Source data

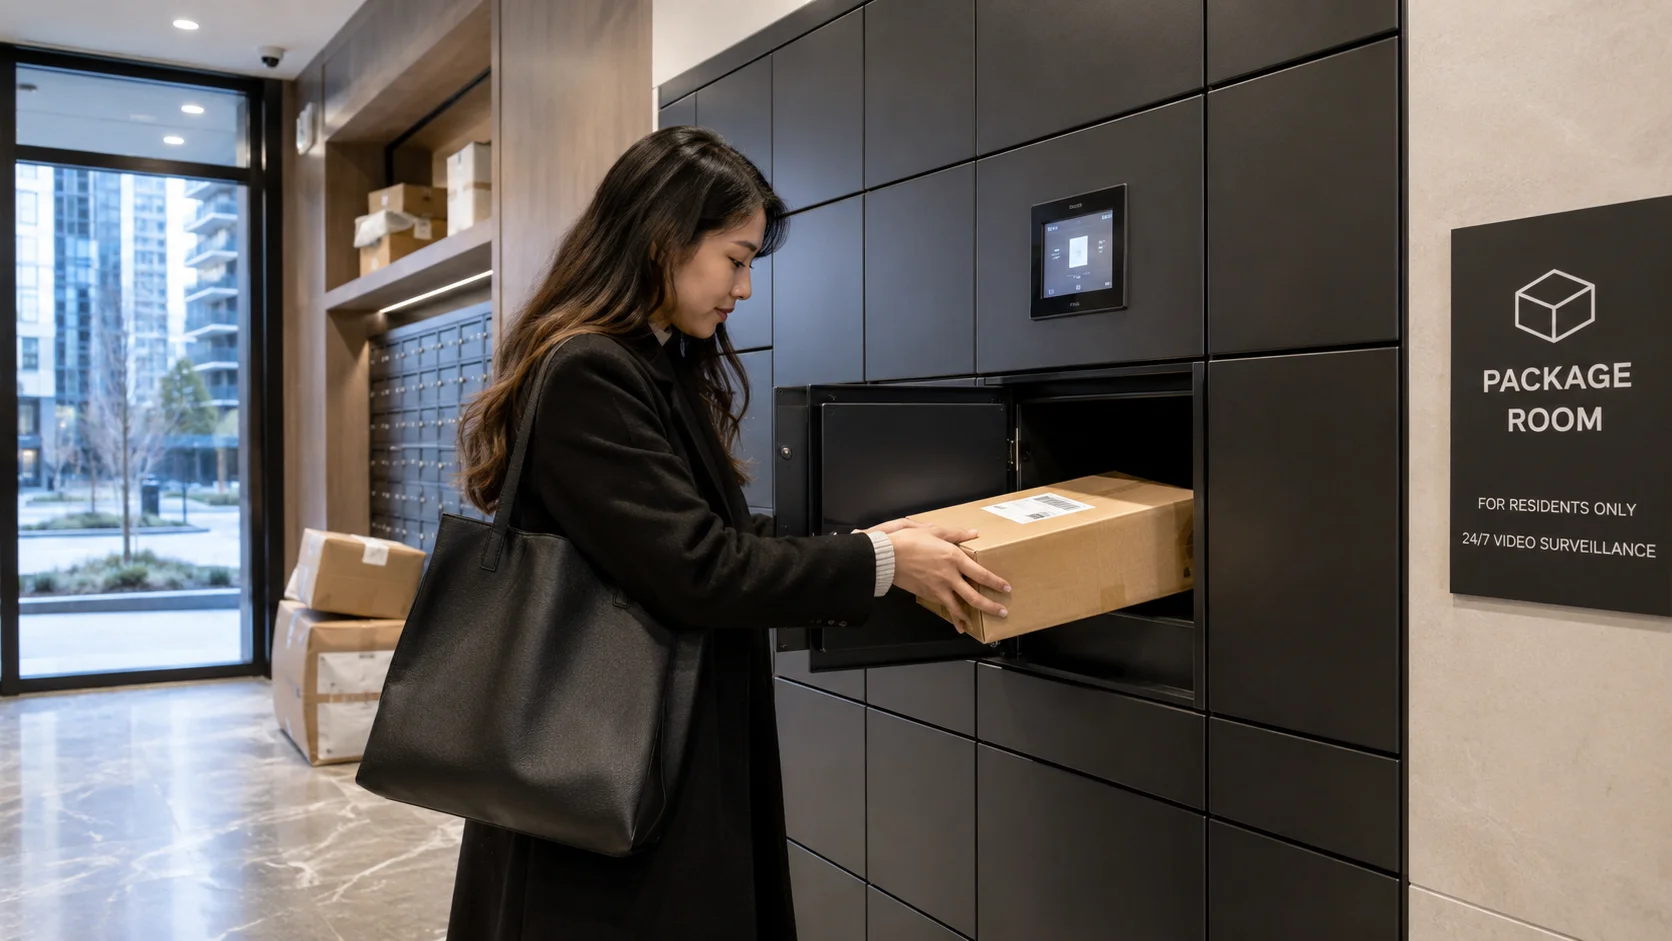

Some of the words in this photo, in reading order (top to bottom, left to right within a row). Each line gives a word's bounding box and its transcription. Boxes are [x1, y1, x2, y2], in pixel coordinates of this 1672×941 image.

[1483, 361, 1632, 393] PACKAGE
[1508, 406, 1602, 433] ROOM
[1478, 497, 1506, 511] FOR
[1509, 498, 1590, 515] RESIDENTS
[1593, 501, 1637, 517] ONLY
[1462, 531, 1490, 547] 24/7
[1493, 533, 1536, 550] VIDEO
[1539, 536, 1657, 559] SURVEILLANCE

### Your task
Take the entries above and restate them word for word, minus their images.

### Task answer
Some of the words in this photo, in reading order (top to bottom, left to right within a row). Each line gives a word's bounding box and its transcription. Boxes are [x1, y1, x2, y2], in pixel coordinates of this 1672×941 image.

[1483, 361, 1632, 393] PACKAGE
[1508, 406, 1602, 433] ROOM
[1478, 497, 1506, 511] FOR
[1509, 498, 1590, 515] RESIDENTS
[1593, 501, 1637, 517] ONLY
[1462, 531, 1490, 547] 24/7
[1493, 533, 1536, 550] VIDEO
[1539, 536, 1657, 559] SURVEILLANCE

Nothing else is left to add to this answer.